▸ What you need to do: Please set down the data word for word; images do not go in the copy.

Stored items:
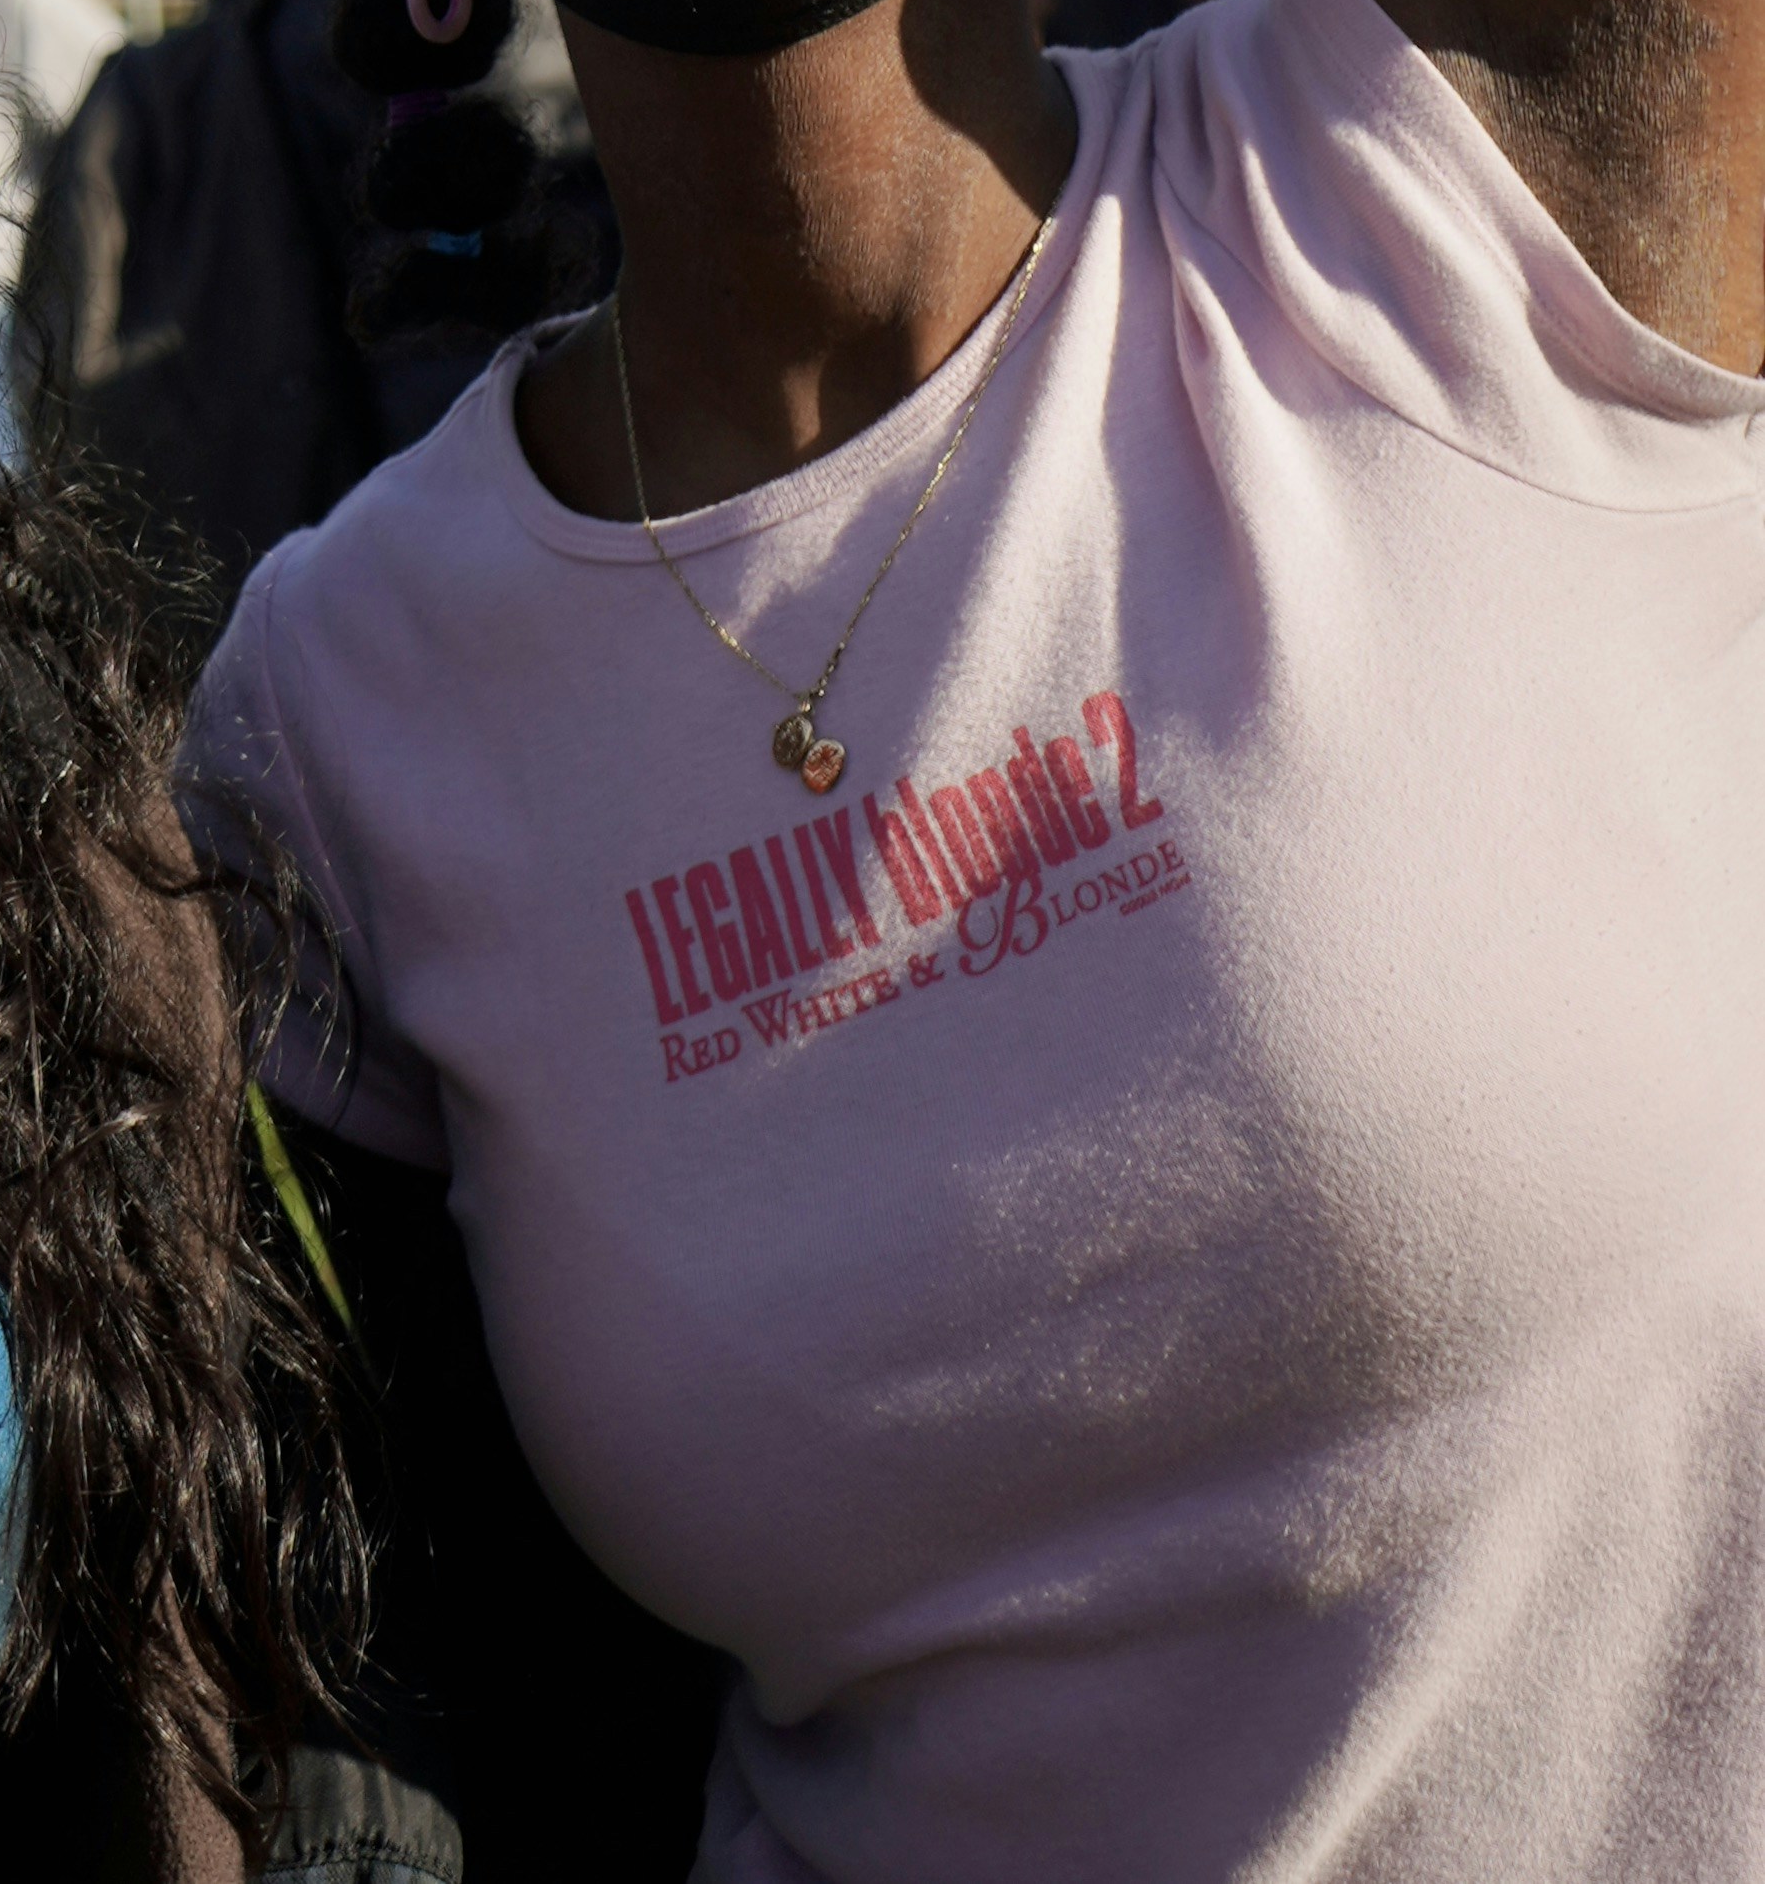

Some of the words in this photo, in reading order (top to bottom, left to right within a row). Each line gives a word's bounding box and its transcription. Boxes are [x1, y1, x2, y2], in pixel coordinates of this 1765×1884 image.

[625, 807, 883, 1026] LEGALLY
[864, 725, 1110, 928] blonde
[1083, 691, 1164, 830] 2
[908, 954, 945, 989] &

▸ Exercise response:
Some of the words in this photo, in reading order (top to bottom, left to right within a row). Each line gives a word's bounding box and its transcription. Boxes are [x1, y1, x2, y2], in pixel coordinates of this 1765×1884 image.

[625, 807, 883, 1026] LEGALLY
[864, 725, 1110, 928] blonde
[1083, 691, 1164, 830] 2
[908, 954, 945, 989] &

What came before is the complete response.